I'm still pleased with the simple and inexpensive YN460-II flash described previously. Sure, all it does is flash when told to do so and its flash power must be set manually; that is, no automatic flash exposure at all. But the YN460-II does these basic things well. Also noted previously, the YN460-II works with the Canon 7D camera even when the 7D popup flash is set for ETTL mode provided the YN460-II is set in its own "S2" mode. Again, "works" means only that the YN460-II fires with the appropriate timing -- its flash power is not set by the 7D flash controls.

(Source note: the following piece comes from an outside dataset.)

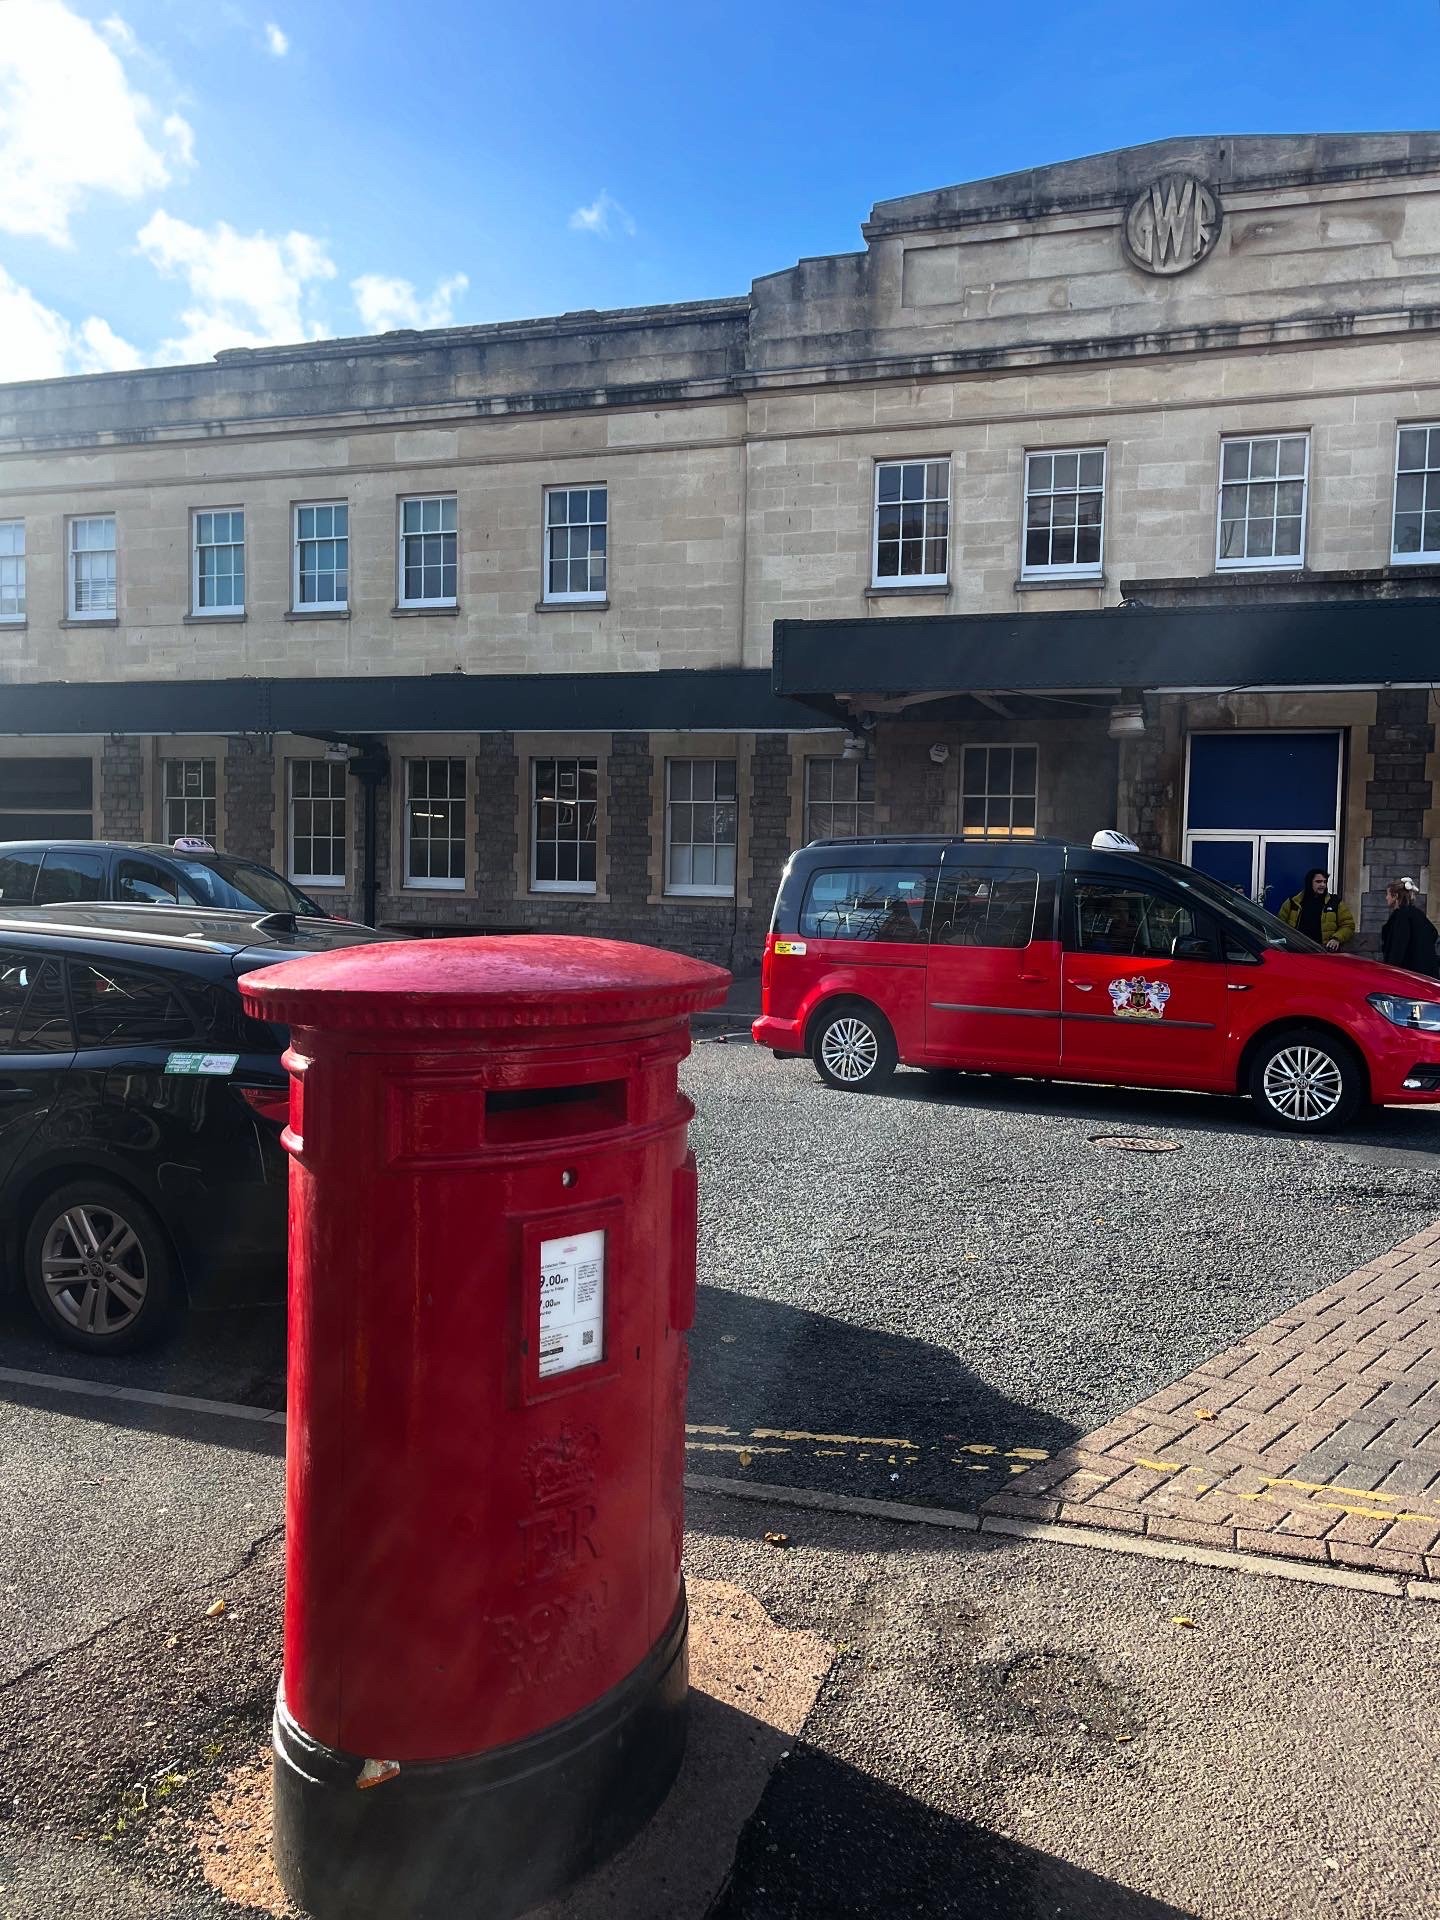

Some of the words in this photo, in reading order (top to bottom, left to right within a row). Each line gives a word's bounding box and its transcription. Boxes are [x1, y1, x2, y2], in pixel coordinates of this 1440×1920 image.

After a few days of tinkering, I suddenly wondered "What if the YN460-II actually interfered with the 7D popup flash?" To test my loss of faith, I set up a simple scene with the faithful Woof-Woof and fired off several shots at varying conditions. First, the base case using only the 7D popup flash is shown below. The 7D was set for ISO 200 using manual exposure and 1/250 second at f5.6. The 7D was set to ETTL mode using the internal flash only and without flash compensation. Using the Canon 15-85mm lens at mid-zoom, I was perhaps nine feet away from Woof-Woof. The white balance was set for "flash" in Adobe Camera Raw.
I then tried the 7D with the YN460-II in several positions using bounce and direct flash at varying power levels. Not much to report here except that the 7D flash obviously does not know or care about the YN460-II. The 7D fires its preflash (which the YN460-II ignores), computes the "correct" flash exposure without regard to the YN460-II and then fires away -- joined this time by the YN460-II. In other words, the 7D flash does not instantaneously change its mind when the YN460-II fires.
To get the shot below, the YN460-II was placed a little behind Woof-Woof and aimed directly at him. The YN460-II was set to 1/32 power; the 7D internal flash was in ETTL mode and set at -3 flash compensation. White balance was set in ACR at the "flash" setting.
Throwing a simple second flash into the mix certainly can add a new dimension to a shot!